W środę o godz. 17:30 Trefl Gdańsk zmierzy się w ćwierćfinale Pucharu Polski z Jastrzębskim Węglem. „Gdańskie lwy” awans do tych zmagań zapewniły sobie jako piąta drużyna po pierwszej rundzie fazy zasadniczej rozgrywek. – Przed sezonem nie zakładaliśmy, że będziemy w tym miejscu, w którym jesteśmy. Jedziemy zagrać ten mecz tak, jakby był on dla nas nagrodą – mówi Michał Winiarski, trener Trefla Gdańsk. Transmisja spotkania w Polsacie Sport.
– Wiadomo było, że zagramy z zespołem z pierwszej czwórki, a każda z tych drużyn jest dużo bardziej doświadczona od nas. Z każdym z tych rywali w lidze przegraliśmy, natomiast uważam, że Puchar Polski rządzi się swoimi prawami. Gramy tylko jeden mecz i mamy w nim okazję do szybkiego rewanżu z drużyną z Jastrzębia – mówił po losowaniu par ćwierćfinałowych Pucharu Polski Michał Winiarski. Trefl bowiem jako piąta drużyna po pierwszej rundzie fazy zasadniczej mógł trafić na jednego z rozstawionych rywali – Grupę Azoty ZAKSĘ, VERVĘ Warszawa, PGE Skrę lub właśnie Jastrzębski. Z „Pomarańczowymi” gdańszczanie mierzyli się w swoim ostatnim meczu w 2019 r. – tuż przed świętami w ERGO ARENIE. Podopieczni trenera Winiarskiego przegrali wówczas 1:3, a trener Winiarski Jastrzębian oceniał jako najtrudniejszego rywala w dotychczasowych zmaganiach. Równie trudnego meczu „gdańskie lwy” spodziewają się w środę. Żółto-czarnym może jednak pomóc fakt, że z Jastrzębskiego Węgla aż czterech zagranicznych zawodników i trener w ostatnich dniach rywalizowało w turniejach kwalifikacyjnych do igrzysk olimpijskich – z kadrą Kanady Graham Vigrass, z reprezentacją Niemiec Lukas Kampa i Christian Fromm, w barwach Francji Julien Lyneel, a pierwszy szkoleniowiec Slobodan Kovać z drużyną Serbii. Z Trefla w ostatnich tygodniach brakowało tylko jednego gracza – w kadrze Niemiec występował bowiem także Ruben Schott. – Wszyscy zawodnicy grający w reprezentacjach są doświadczeni i przyzwyczajeni do częstej gry. Mnie osobiście nigdy nie interesują problemy przeciwnika, ponieważ zawsze wszystko weryfikuje boisko. Ruben podczas turnieju kwalifikacyjnego grał mało, ale jak pojawiał się na boisku, to prezentował się bardzo dobrze, więc jestem spokojny o jego dyspozycję – mówi trener Winiarski.

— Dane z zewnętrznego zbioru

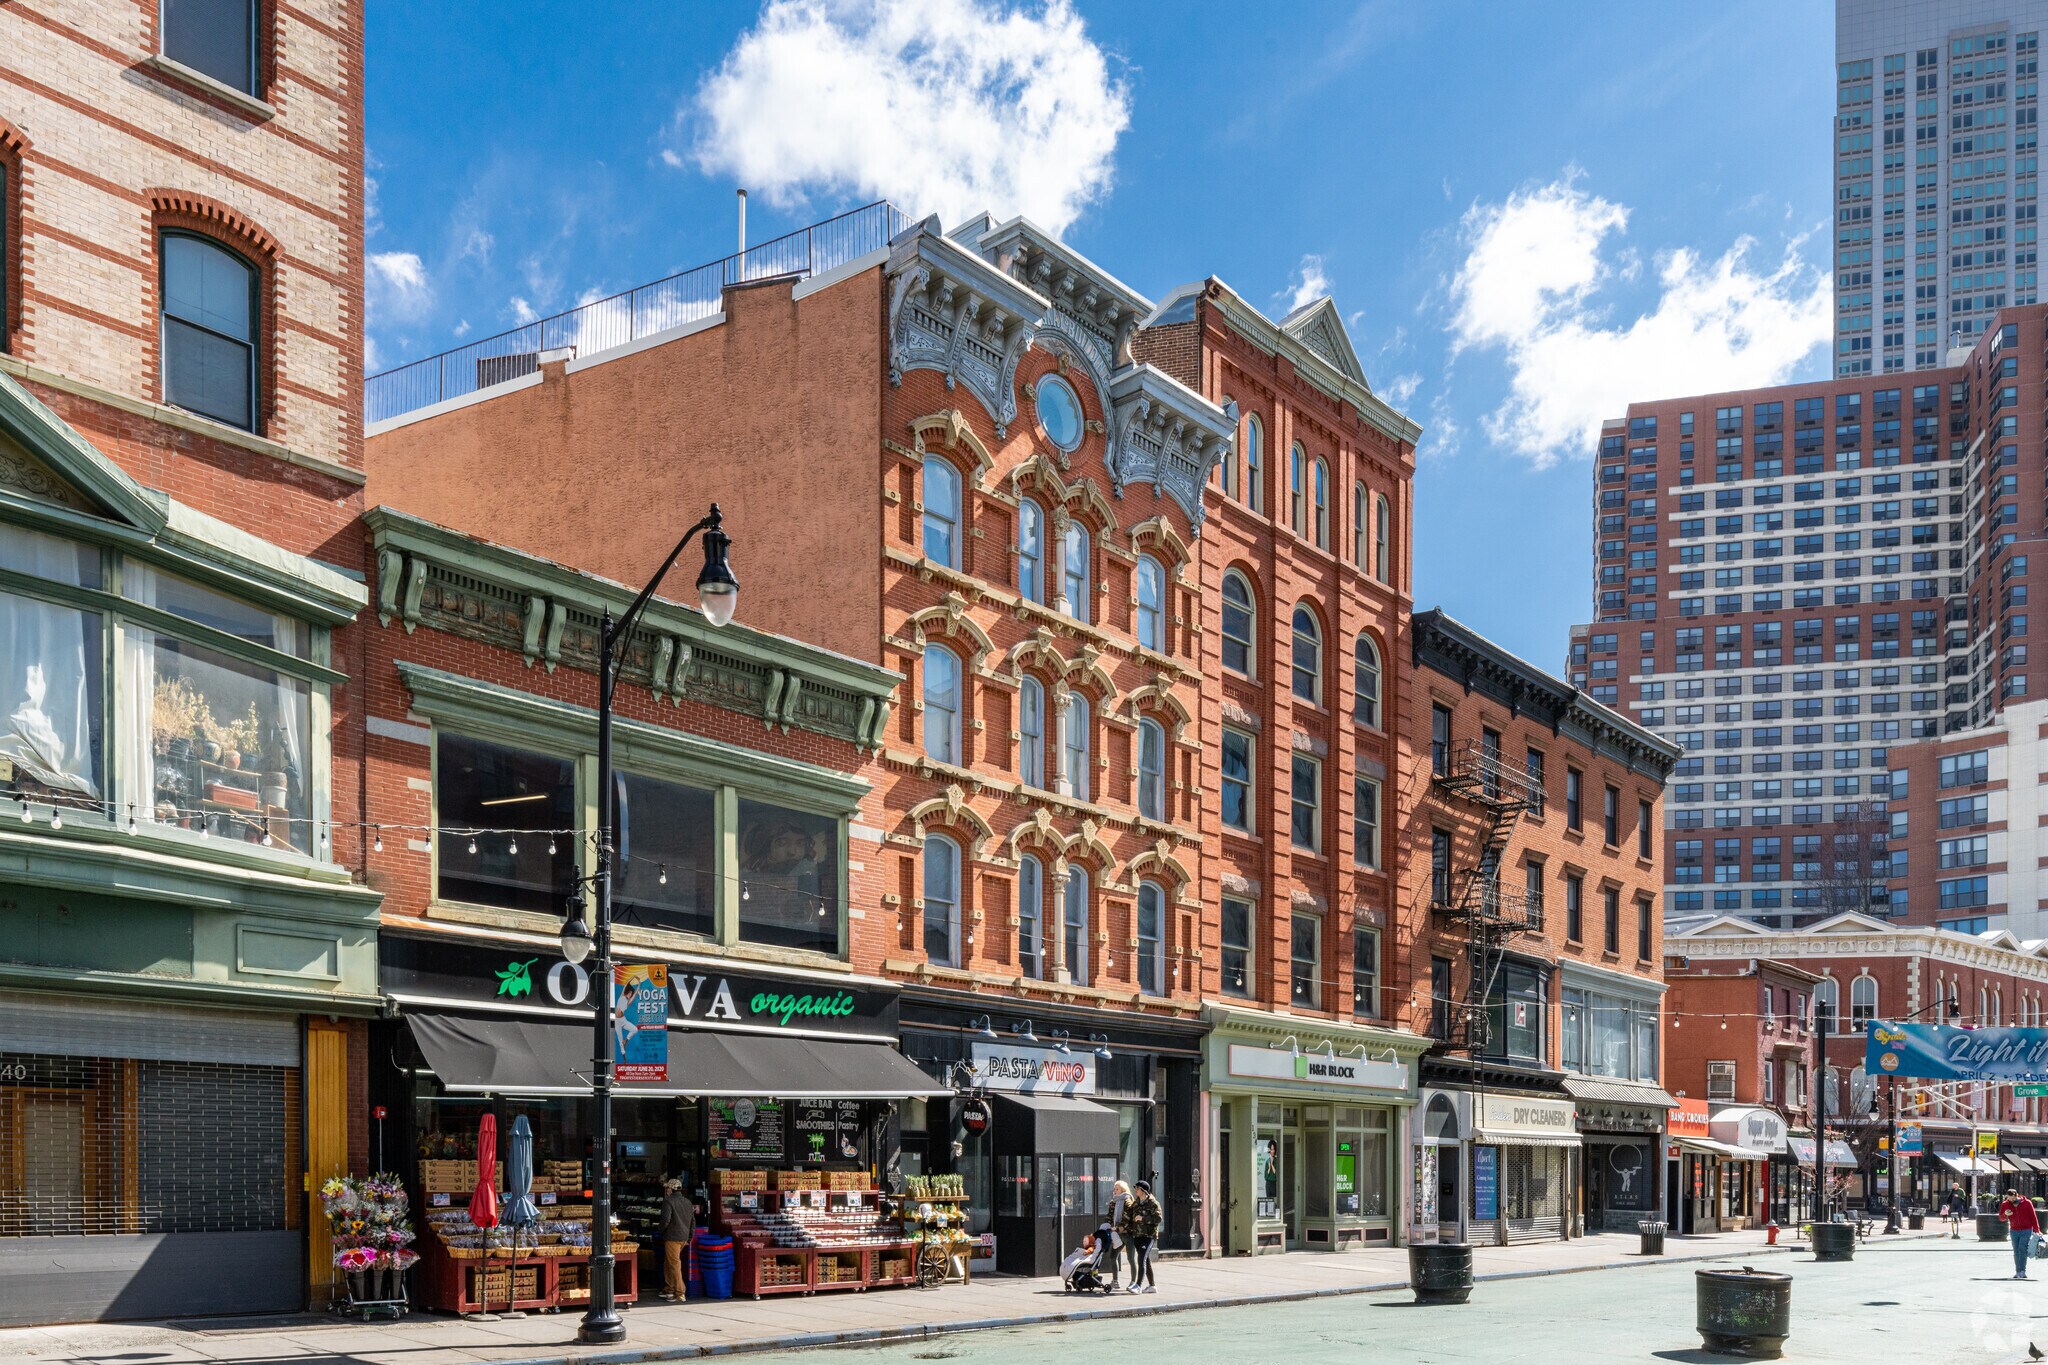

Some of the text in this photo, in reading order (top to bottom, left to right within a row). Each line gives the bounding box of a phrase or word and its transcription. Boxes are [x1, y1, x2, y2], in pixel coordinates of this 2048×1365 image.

[547, 961, 855, 1026] OVA organic
[637, 988, 667, 1001] YOGA
[637, 1001, 667, 1014] FEST
[1947, 1034, 2025, 1069] Light
[988, 1055, 1040, 1079] PASTA
[1043, 1060, 1086, 1083] VINO
[1309, 1063, 1355, 1079] H&R BLOCK
[1952, 1070, 1985, 1081] APRIL
[1989, 1072, 1996, 1081] 2
[2017, 1086, 2039, 1096] Grove
[799, 1098, 833, 1109] JUICE BAR
[837, 1100, 860, 1110] Coffee
[1513, 1107, 1530, 1125] DRY
[1530, 1108, 1567, 1127] CLEANERS
[1670, 1111, 1709, 1124] BANG COOKIES
[795, 1119, 835, 1131] SMOOTHIES
[838, 1121, 860, 1132] Pastry
[1336, 1174, 1348, 1182] H&R
[1336, 1182, 1353, 1190] BLOCK
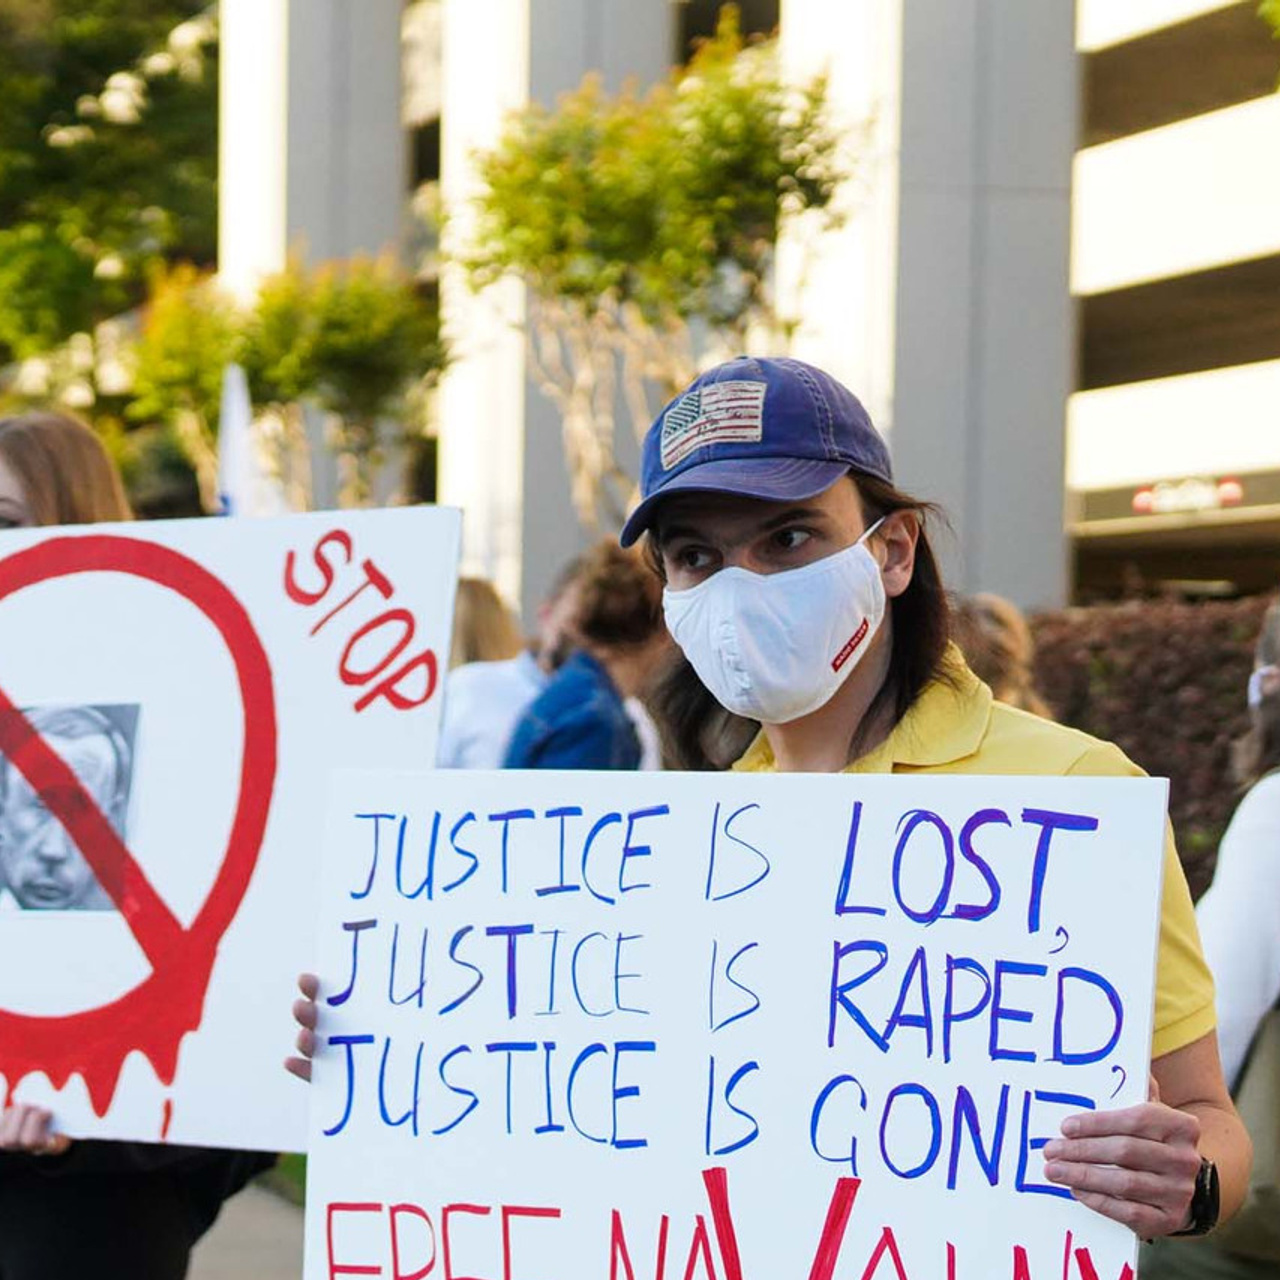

Szkoleniowiec „gdańskich lwów”, podobnie jak w meczu z Jastrzębskim Węglem w grudniu w ERGO ARENIE, nie będzie mógł w środę skorzystać z Łukasza Kozuba. Rozgrywający doznał bowiem cztery tygodnie temu kontuzji kostki i nie jest jeszcze gotowy do gry. – Kontuzja, której nabawił się Łukasz niestety wymaga czasu i rehabilitacji. Powoli dochodzi do siebie, ale w najbliższych spotkaniach zastąpi go jeszcze Dawid Pawlun, który od dłuższego czasu jest z nami na treningach i radzi się coraz lepiej – mówi trener Trefla.
Początek meczu Jastrzębski Węgiel – Trefl Gdańsk w środę o 17:30. Transmisja w Polsacie Sport.